Чувство такта, да и самолюбие, не позволяли пойти к Ольге, сказать, что он любит ее, что без нее жизнь не в жизнь и радость не в радость. Но он уже понимал, что пройдет неделя-другая — он пойдет и скажет ей все.
И при мысли об этом у Шатилова сохли губы.
19
Не долга кампания мартеновской печи. Домны работают без остановки по пять, по шесть лет, а мартеновская печь через несколько месяцев требует ремонта. В цехе, где много печей, почти всегда одна ремонтируется.
До появления Дмитрюка во время ремонтов печей было тихо, а теперь то и дело вспыхивали скандалы, и виновником их всегда являлся старый каменщик. Он постепенно входил в свою прежнюю роль инспектора по качеству и упорно завоевывал право и здесь вмешиваться во все и давать указания.
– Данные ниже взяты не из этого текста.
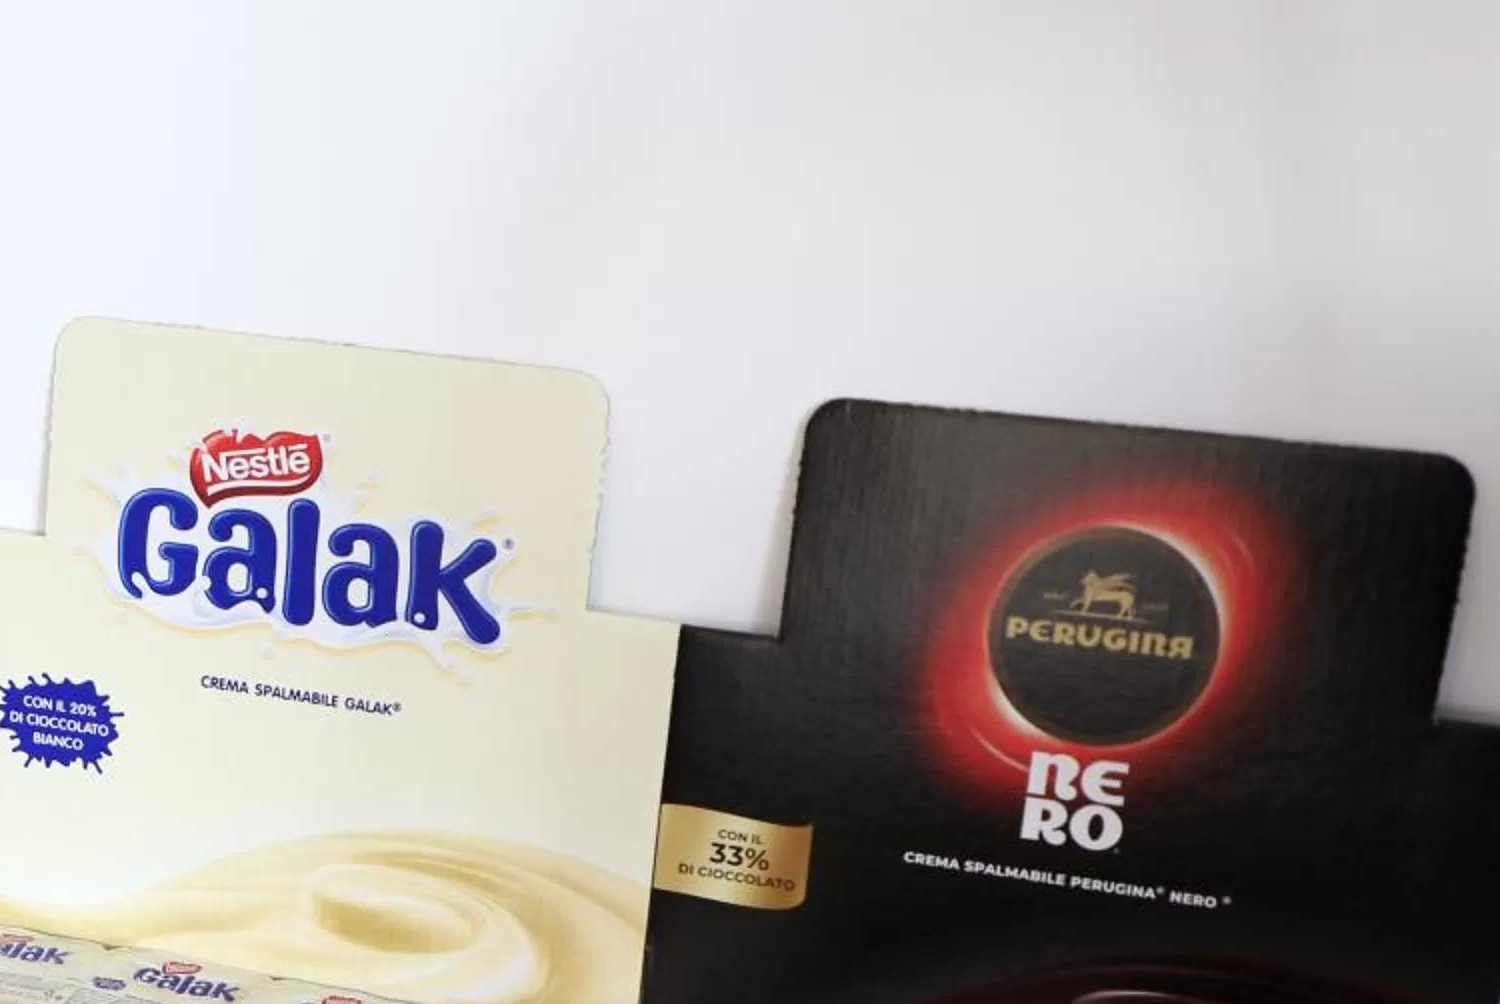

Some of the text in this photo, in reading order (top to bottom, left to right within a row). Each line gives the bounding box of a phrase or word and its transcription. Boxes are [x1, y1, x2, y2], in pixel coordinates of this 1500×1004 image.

[202, 444, 312, 484] Nestlé
[118, 487, 501, 645] Galak
[1006, 615, 1195, 661] PERUGINA
[23, 695, 98, 718] CON IL 20%
[200, 675, 249, 694] CREMA
[255, 683, 339, 708] SPALMABILE
[9, 711, 110, 738] DI CIOCCOLATO
[33, 731, 85, 751] BIANCO
[718, 829, 765, 845] CON IL
[709, 842, 770, 871] 33%
[678, 863, 797, 893] DI CIOCCOLATO
[903, 851, 961, 870] CREMA
[963, 859, 1066, 886] SPALMABILE
[1169, 889, 1218, 909] NERO
[133, 967, 240, 1002] Galak
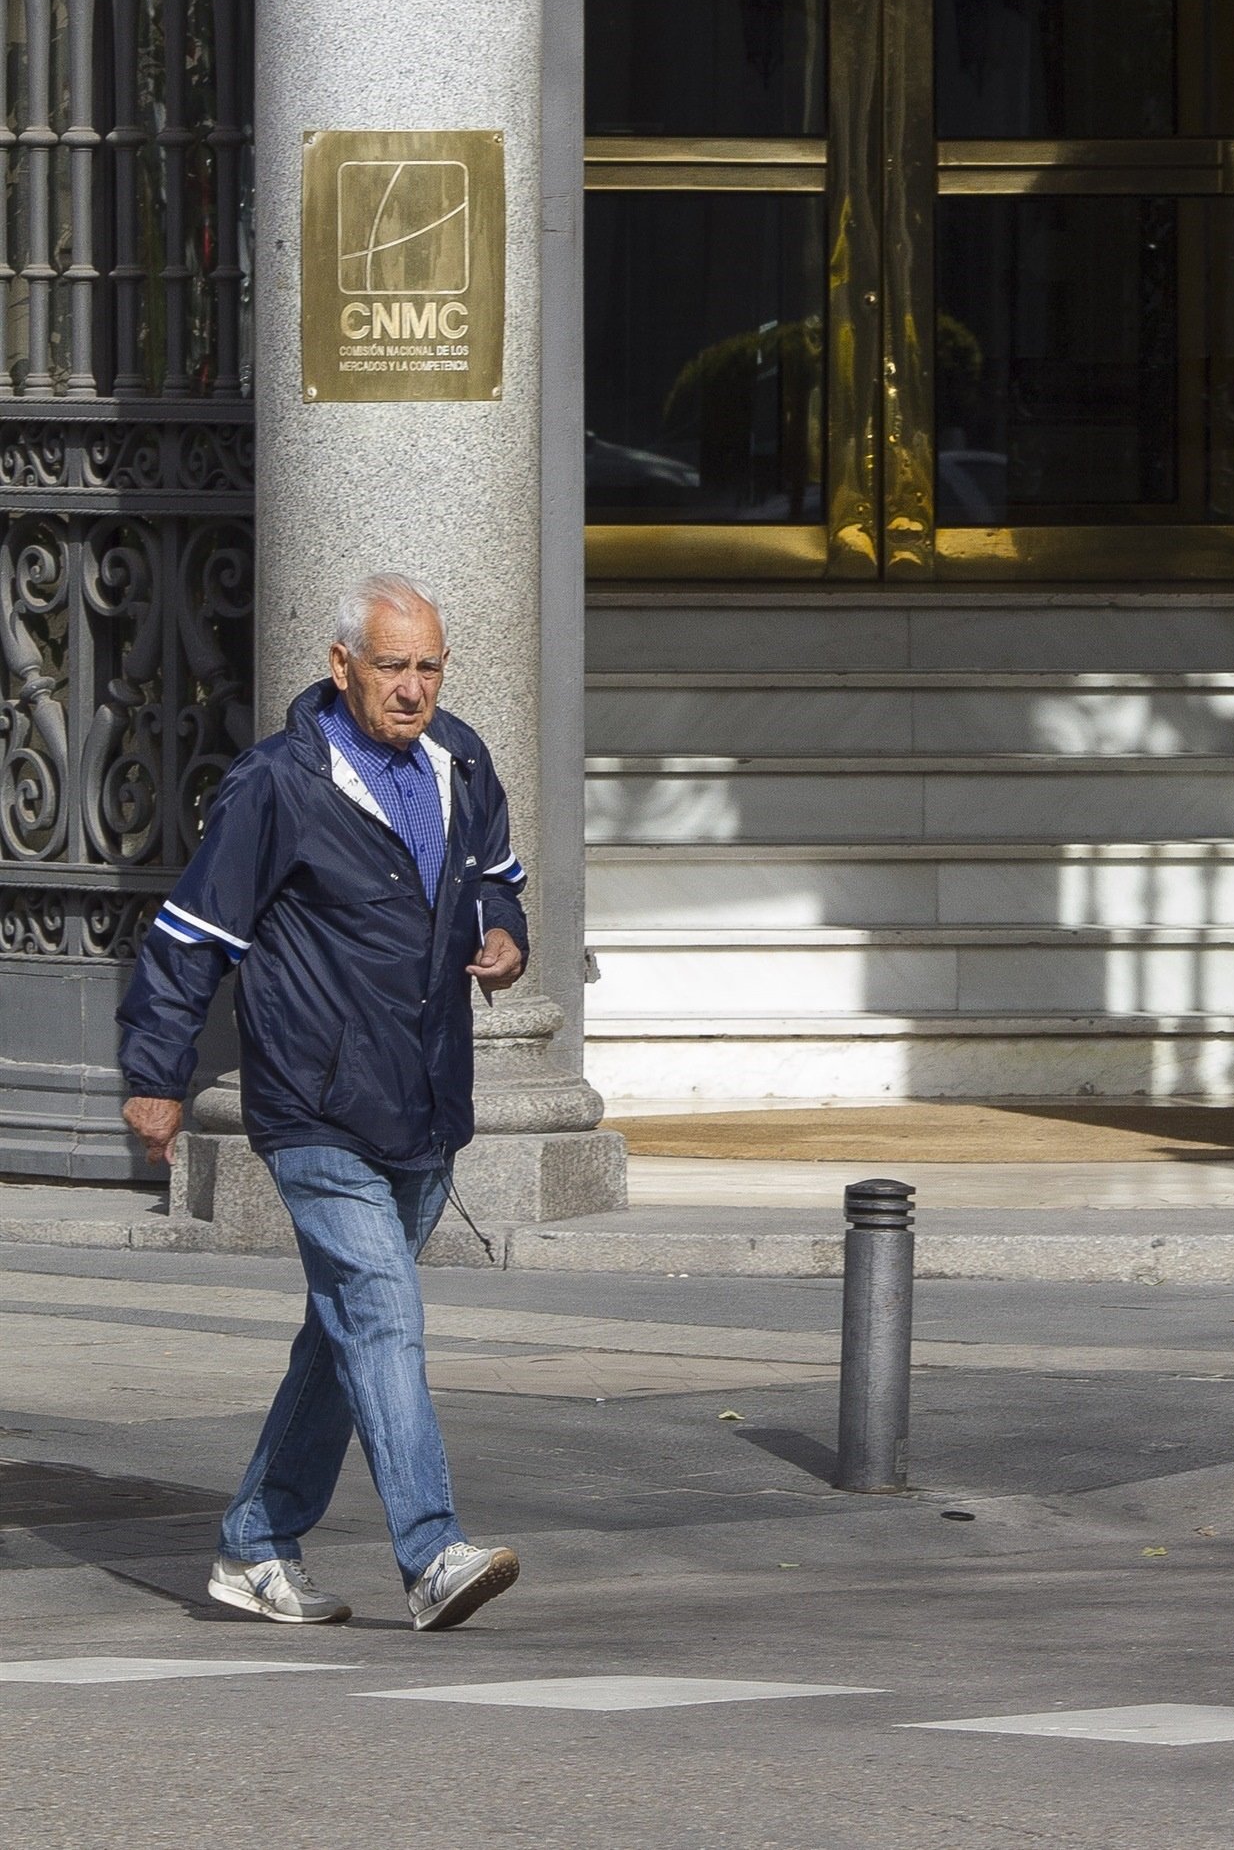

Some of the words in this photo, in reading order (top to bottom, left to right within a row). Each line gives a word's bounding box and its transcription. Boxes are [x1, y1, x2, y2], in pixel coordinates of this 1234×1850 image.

[340, 301, 469, 339] CNMC
[339, 343, 385, 357] COMISIÓN
[386, 345, 435, 357] NACIONAL
[436, 345, 449, 356] DE
[451, 345, 469, 356] LOS
[339, 360, 387, 372] MERCADOS
[387, 360, 395, 371] Y
[396, 360, 408, 371] LA
[410, 360, 469, 372] COMPETENCIA
— Вы не мартеновцы, вам только заборы класть! — кричал он каменщикам. — Абы как сложить — и на другую печь. А дыры под огнем нам, грешным, затыкать.
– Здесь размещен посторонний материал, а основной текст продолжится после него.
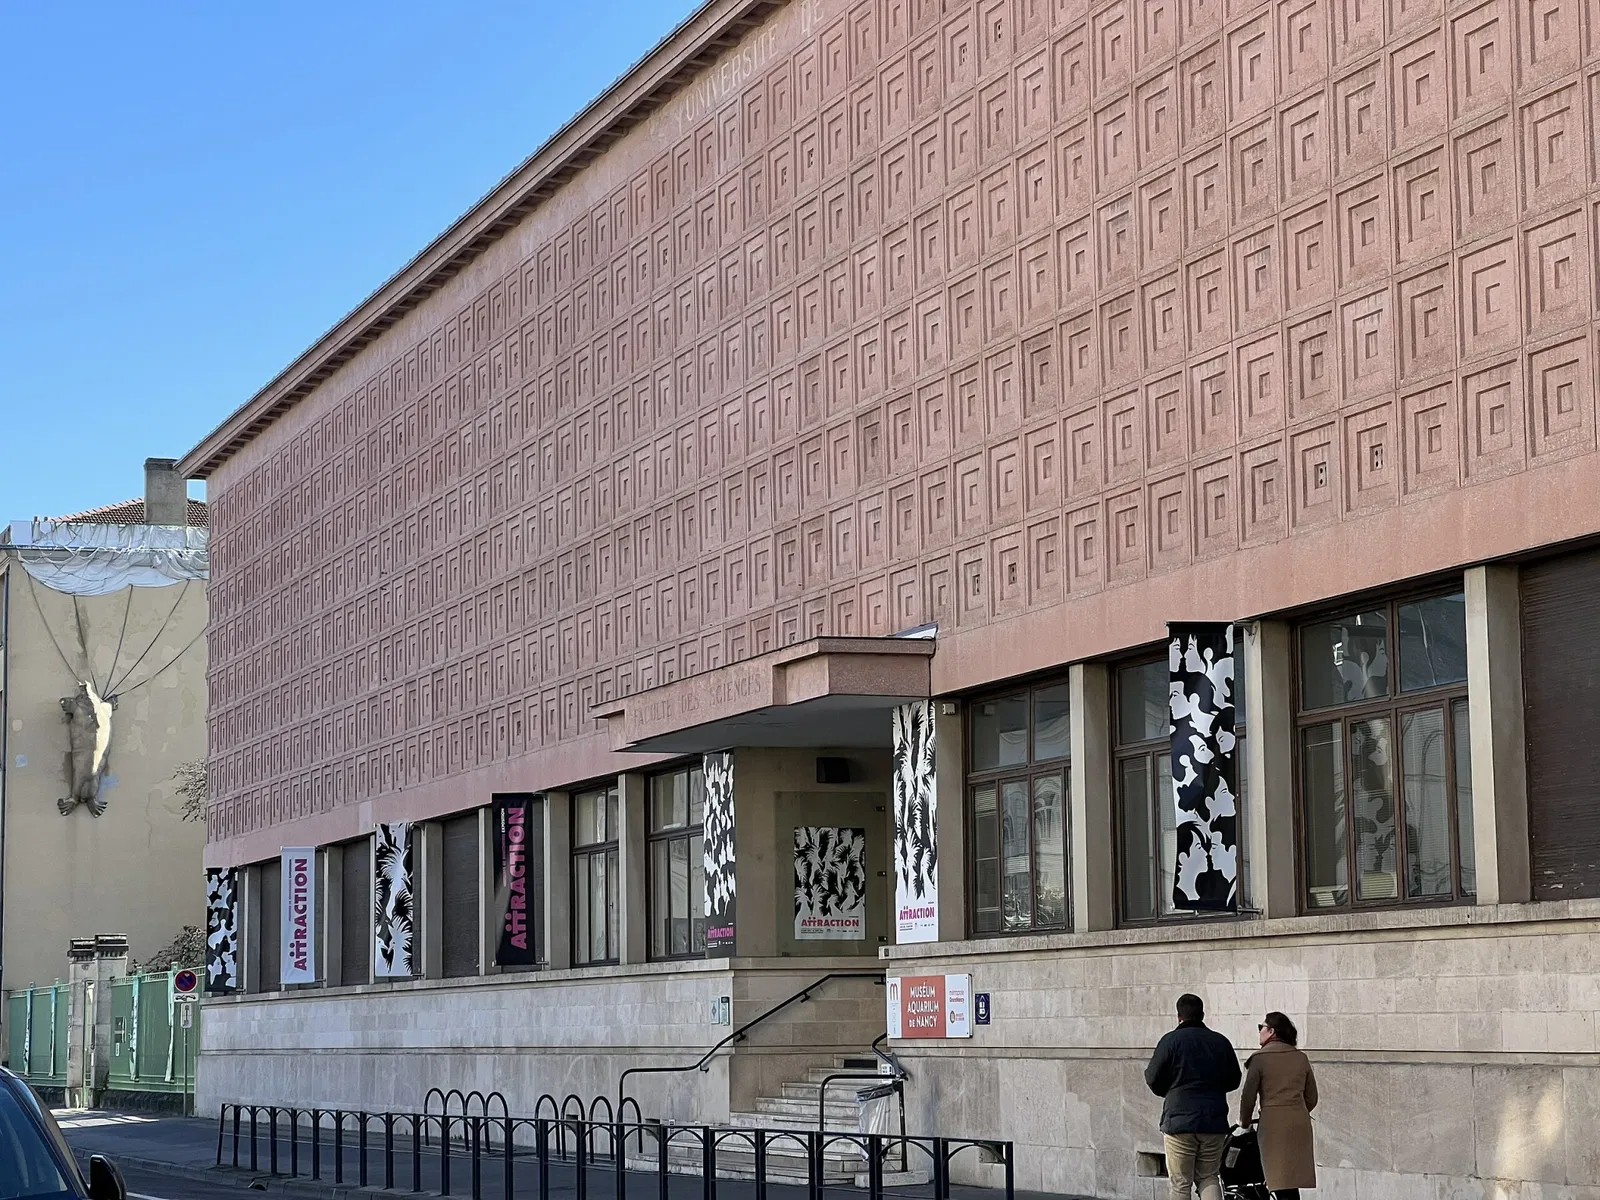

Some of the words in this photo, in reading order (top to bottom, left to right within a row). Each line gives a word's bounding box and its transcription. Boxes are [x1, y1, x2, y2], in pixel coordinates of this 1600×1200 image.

[680, 692, 701, 714] DES
[709, 673, 762, 707] SCIENCES
[910, 981, 936, 998] MUSÉUM
[907, 1000, 940, 1015] AQUARIUM
[909, 1019, 916, 1028] DE
[916, 1015, 938, 1028] NANCY
Разорялся он до тех пор, пока не собиралось все начальство, но и тогда не уходил, а следил за исправлением недоделок.
— Быстро работают, куда быстрее, чем донбассовцы, — испытывая восхищение от слаженной, спорой работы, говорил дед Пермякову. — Вот к ихней быстроте да наше бы качество…
Однажды было так: начальник цеха ремонтов
— На вашем месте я взял бы да показал, как класть и быстро, и хорошо.
Дмитрюк не смутился, взглянул из-под бровей со снисходительным укором.
— Много захотел, мил человек. Старый стрелок молодого учит, а сам уже не здорово хорошо стреляет. И глаз не тот, и рука не та. Сбрось мне годов десяток — я покажу…
Пермяков был частым свидетелем этих перепалок и истолковывал их неправильно. Он приписывал сварливость старика его личным горестям: Дмитрюк перестал получать письма и от старшего сына и подготовил себя к тому, что свидеться с ним не придется.
— Беда с хлопцами, — пожаловался он как-то Ивану Петровичу. — Растишь, растишь, а тут — война… И пожить они у меня не успели. Даже не женились и внуков мне не оставили. Один теперь… Как бобыль…
Но с некоторых пор на ремонтах стало тихо. Дмитрюк оставался в цехе только после ночной смены и тогда наводил порядки. В других сменах его слышно не было.
Разгадку этому Пермяков нашел позже.
У Дмитрюка появилась новая забота. Определив Петю в цех, он не выпускал мальчишку из виду, часто заходил в плотницкую, благо всегда находилась причина заглянуть туда: то ручку для молотка сделать, то опалубку проверить. Настроение Пети и его вид успокаивали старика. Дмитрюк задавал ему несколько вопросов, потихоньку спрашивал плотников о его поведении и уходил довольный.
Скандал разгорелся в мастерской неожиданно для всех.
Петя спокойно завтракал у жарко натопленной печи, запивая вареный картофель бражкой. Еду он от плотников не принимал, а бражку считал угощением и не отказывался.
Зашел Дмитрюк, покружил по мастерской, отшлифовал, ручку своего молотка обломком стекла и уже собирался уходить, как заметил: на плече у мальчика порвана рубаха и длинная лоскутина, чтобы не болталась, небрежно приколота булавкой. Дед пожурил Петю за неряшливость и крепкими словами обругал плотников — как не стыдно, не следят за мальчишкой. Опешившие плотники сначала пооткрывали от изумления рты, потом, оправдываясь, заговорили все разом.
Много новых сочных словечек позаимствовал бы Петя из лексикона своих воспитателей, но в мастерскую заглянул Макаров и выпроводил разбушевавшегося старика.
В тот же день Дмитрюк появился в квартире, одну из комнат которой занимал Петя. Вид комнаты в первую минуту успокоил его, но, приглядевшись внимательно, он нашел, что убрана она по-холостяцки, под кроватью и на шкафу наслоилась пыль, в комоде вперемежку с чистыми носками, полотенцами и спецовкой лежало грязное белье.
Со стены на Дмитрюка глядел портрет женщины с ласковыми глазами и на редкость густыми, длинными ресницами. «Мать», — догадался старик и сокрушенно вздохнул.
Долго ожидал он хозяина комнаты. Потом сбросил полушубок, валенки и лег поверх одеяла. Когда он проснулся, Петя уже был дома и дремал, сиротливо опустив голову на стол.